Hoje, festa da páscoa do Senhor, quero desejar a todos os leitores dessa coluna uma Feliz Páscoa. Mas o que é uma feliz Páscoa? Em um mundo que fez do consumo a razão de viver, a Páscoa, como o Natal, também se tornou uma festa cujo valor passou a ser medido pelas compras e vendas. O ser humano é feliz quando tem uma razão para viver. Mas não basta uma razão qualquer. Uma razão qualquer funciona precariamente. Fazem parte de nossa vida as alegrias do dia a dia, tais como a vitória de nosso time preferido, o sucesso em algum empreendimento, o nascimento de um filho, uma festa de casamento, etc... Como é bom desfrutar da vida, tirando de cada acontecimento a cota de felicidade que ele nos oferece!
Há pessoas que pensam ser felizes acumulando riquezas, granjeando simpatias, conquistando poder e prestígio. Agostinho de Hipona buscou na retórica e no amor humano a felicidade. Seu coração, entretanto, continuou inequieto, até que encontrou a verdade de Deus. Se sofrimentos e decepções não fizessem parte de nossa existência, ainda assim, inquieto e insatisfeito cotinuaria nosso coração, porque as alegrias dessa vida, mesmo as mais intensas, são todas elas insuficientes diante da profundidade de nosso desejo. Queremos vida e vida em plenitude. Mas existem os sofrimentos, inevitáveis e, muitas vezes, pungentes: a doença, os acidentes, as traições de amigos, as decepções das promessas de amor não cumpridas, a perda de uma pessoa querida e muitos outros.
Mais ainda: no cerne de nosso existir reside à certeza da morte. Teremos nós surgido do nada e ao nada estaríamos destinados? Será nossa existência como um raio cujo brilho é engolido pela escuridão da noite? Se nossa existência caminha inevitavelmente para morte, o que significa viver? Como dar sentido à vida? Há machos na espécie animal que morrem ao fecundar as fêmeas. O sentido de suas vidas é garantir a continuidade da espécie. O sentido da vida do indivíduo humano seria apenas este: garantir o futuro da espécie?

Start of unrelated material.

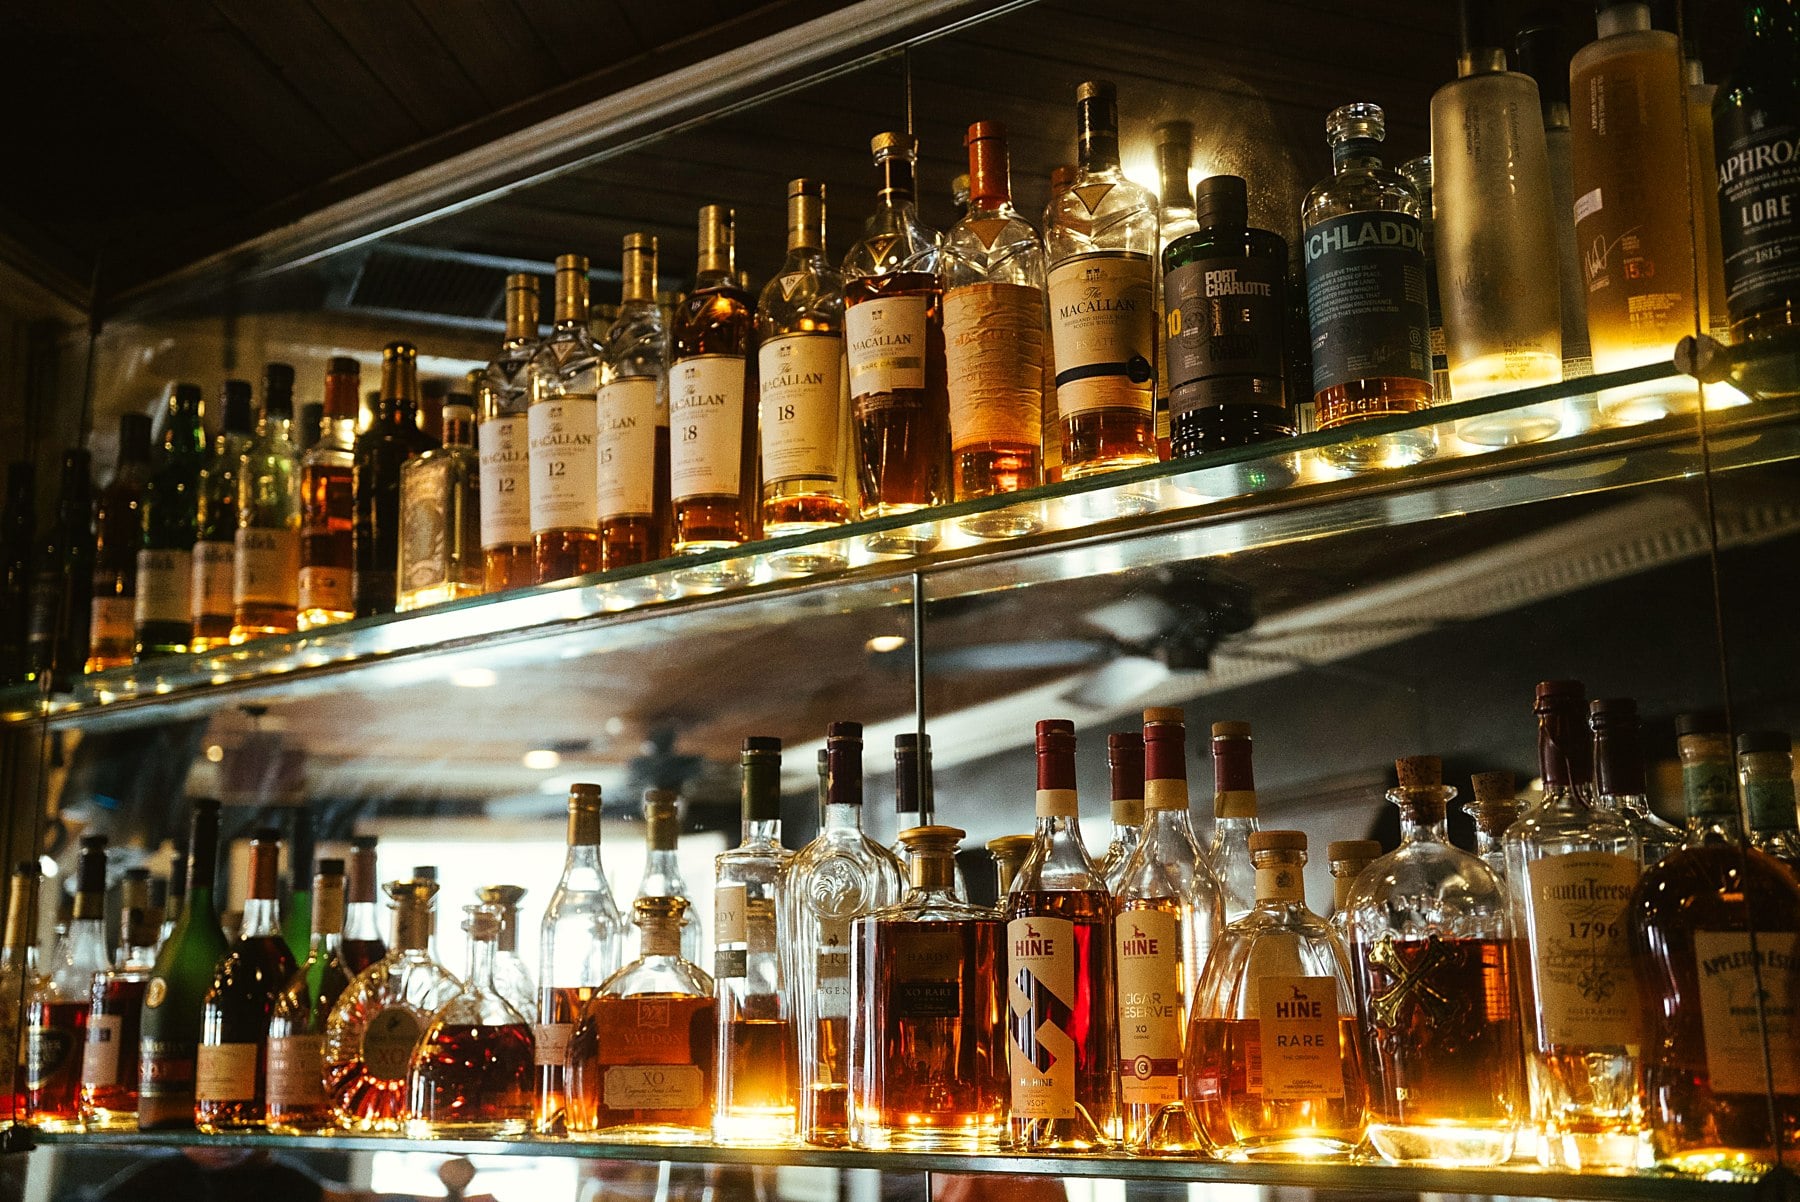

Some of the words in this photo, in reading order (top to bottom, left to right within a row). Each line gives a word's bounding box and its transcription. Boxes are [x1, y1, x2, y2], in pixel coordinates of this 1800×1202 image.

Conseguiríamos ser felizes empenhando-nos em construir um futuro feliz para os que virão depois de nós? E qual será o destino final da espécie? Haverá um fim da história e, portanto, o desaparecimento da espécie humana? Se não, que sentido terá a sucessão sem fim das gerações humanas, todas movidas pela esperança de uma felicidade, que se esvai com a morte. Freud, ao se confrontar com essa questão, aponta como única solução possível a resignação: o ser humano adulto assume sua finitude com coragem, sem apelar para a religião, forma suprema de negação da realidade. Haverá verdade plena e justiça no amanhã intra-histórico? Ou será vã a luta dos que sonham com um mundo diferente?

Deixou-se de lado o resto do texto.